Referring expression grounding data
#####

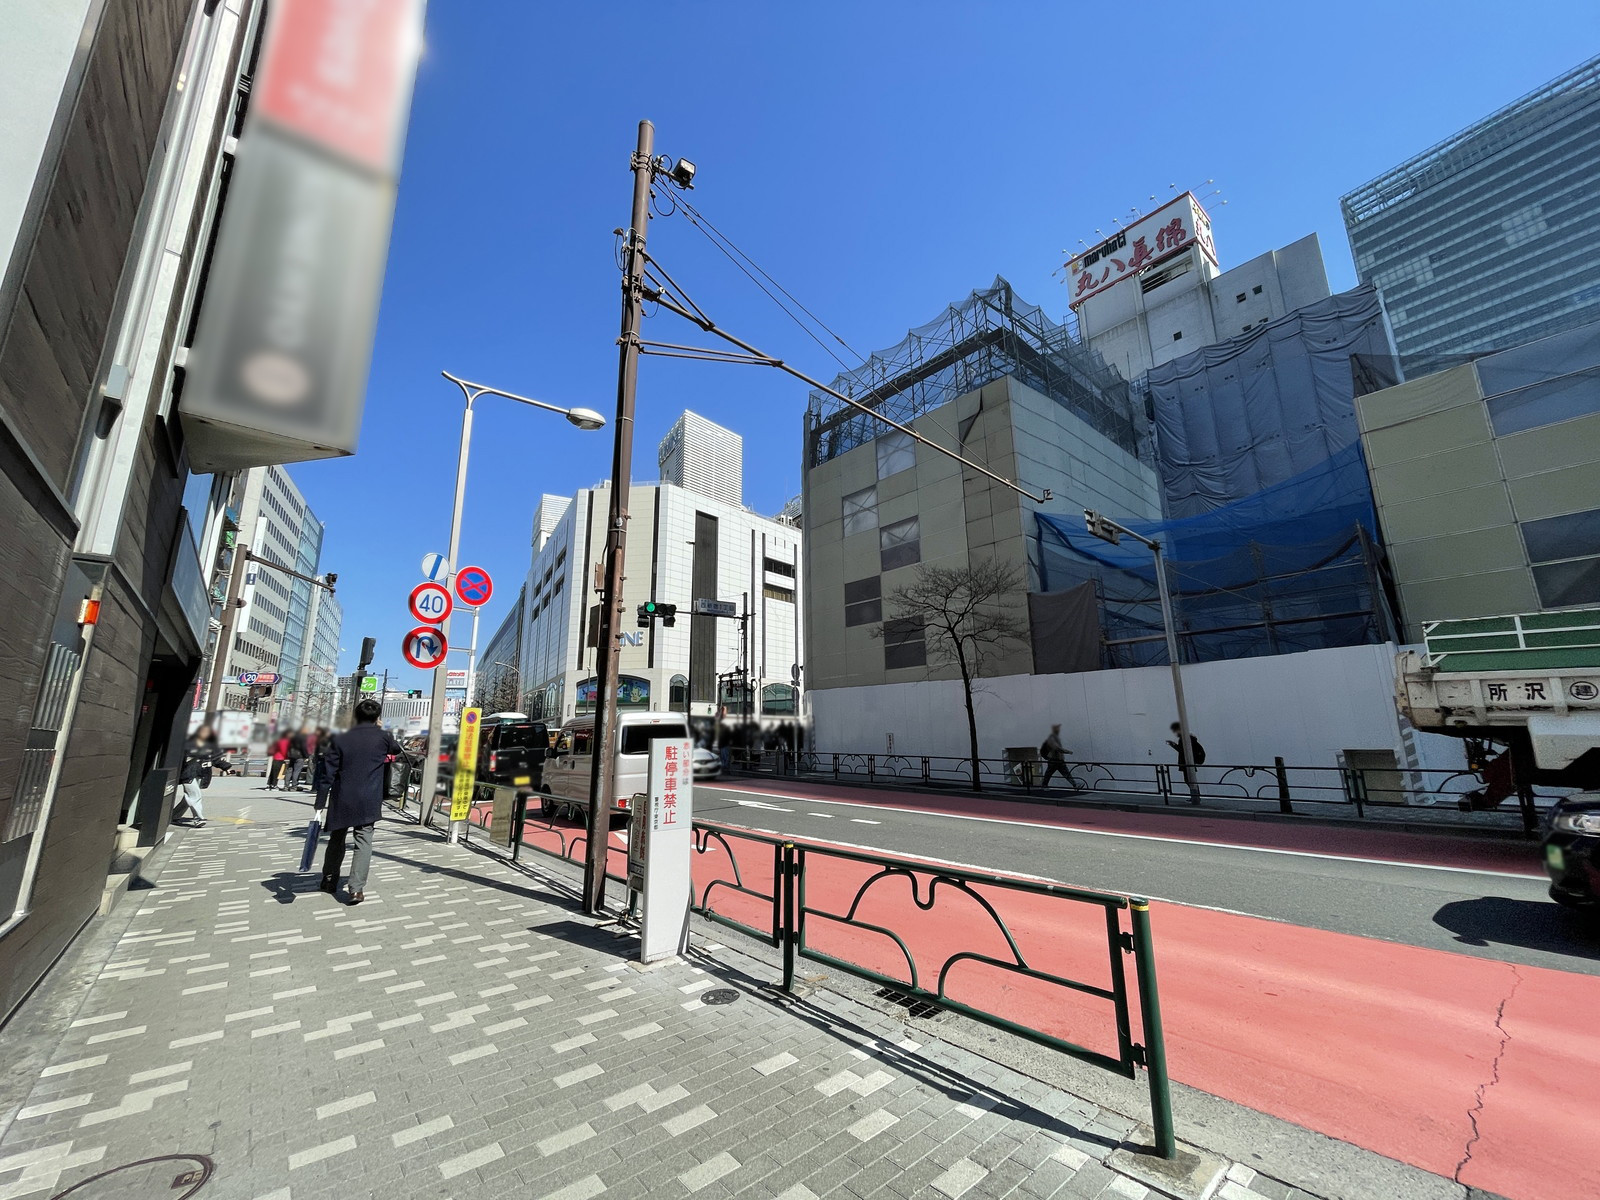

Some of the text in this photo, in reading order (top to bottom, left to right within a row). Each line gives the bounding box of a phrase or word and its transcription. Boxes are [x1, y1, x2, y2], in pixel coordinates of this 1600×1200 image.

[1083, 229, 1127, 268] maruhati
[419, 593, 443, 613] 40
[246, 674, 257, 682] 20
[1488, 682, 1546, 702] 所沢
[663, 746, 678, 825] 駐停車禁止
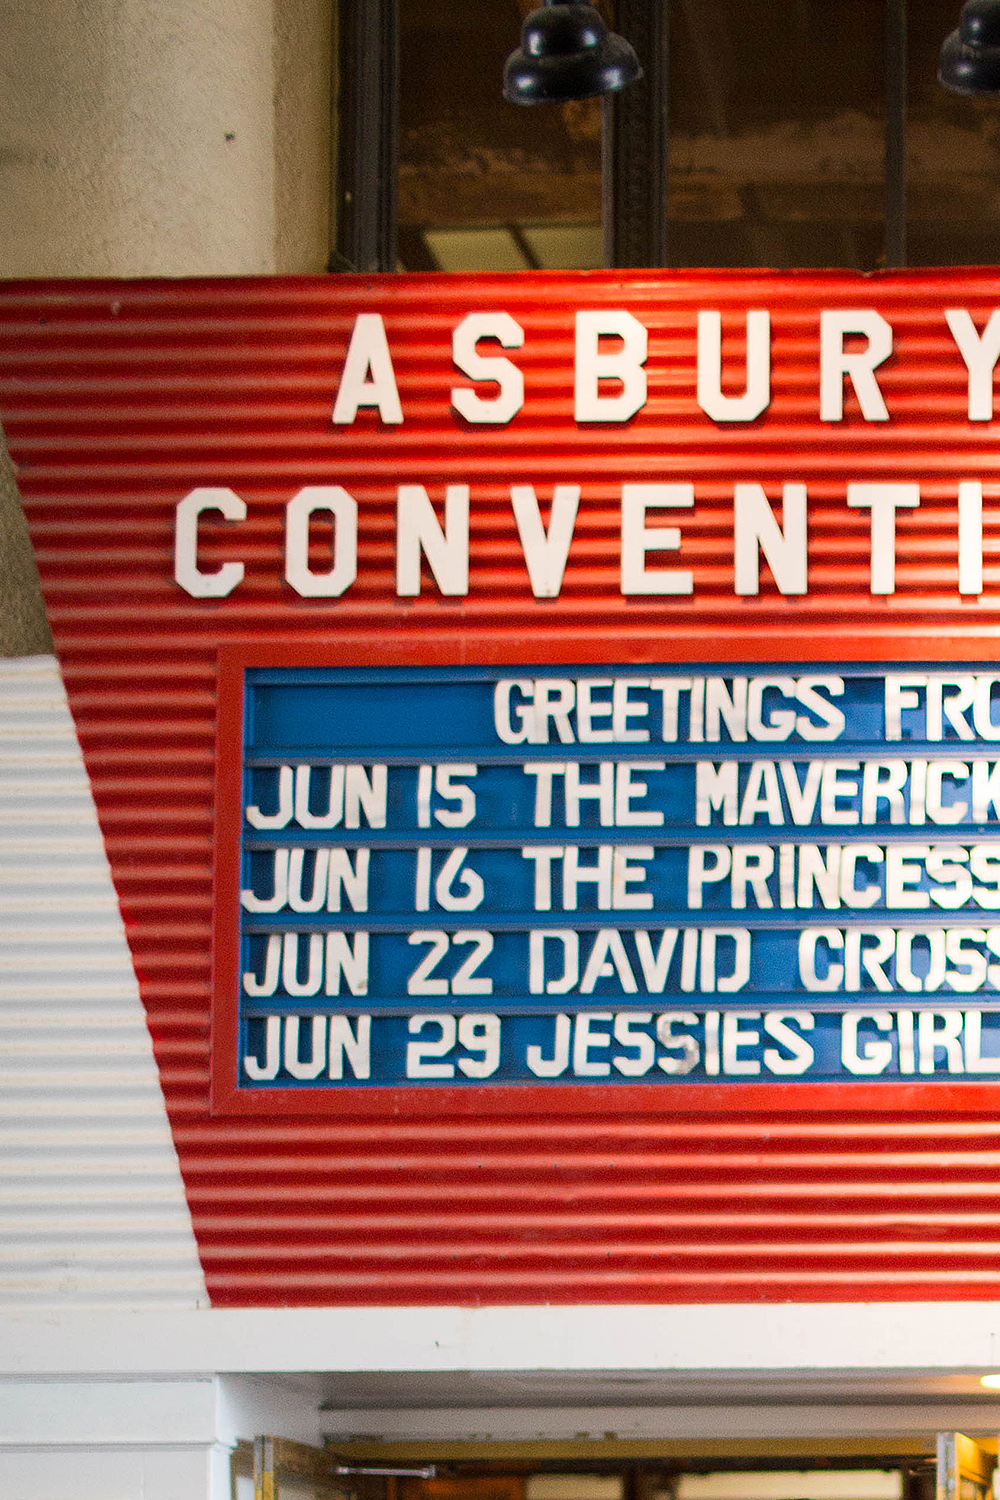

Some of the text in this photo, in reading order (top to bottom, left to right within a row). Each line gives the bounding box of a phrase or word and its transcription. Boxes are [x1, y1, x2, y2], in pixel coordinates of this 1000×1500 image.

#####

#### How to complete this task:
Excluding pictures, print all lines above exactly.

#### Solution to this task:
Some of the text in this photo, in reading order (top to bottom, left to right within a row). Each line gives the bounding box of a phrase or word and its transcription. Boxes are [x1, y1, x2, y2], in pixel coordinates of this 1600×1200 image.

[1083, 229, 1127, 268] maruhati
[419, 593, 443, 613] 40
[246, 674, 257, 682] 20
[1488, 682, 1546, 702] 所沢
[663, 746, 678, 825] 駐停車禁止

Some of the text in this photo, in reading order (top to bottom, left to right within a row). Each line gives the bounding box of a phrase or word and its transcription. Boxes are [x1, y1, x2, y2], in pixel coordinates of this 1000×1500 image.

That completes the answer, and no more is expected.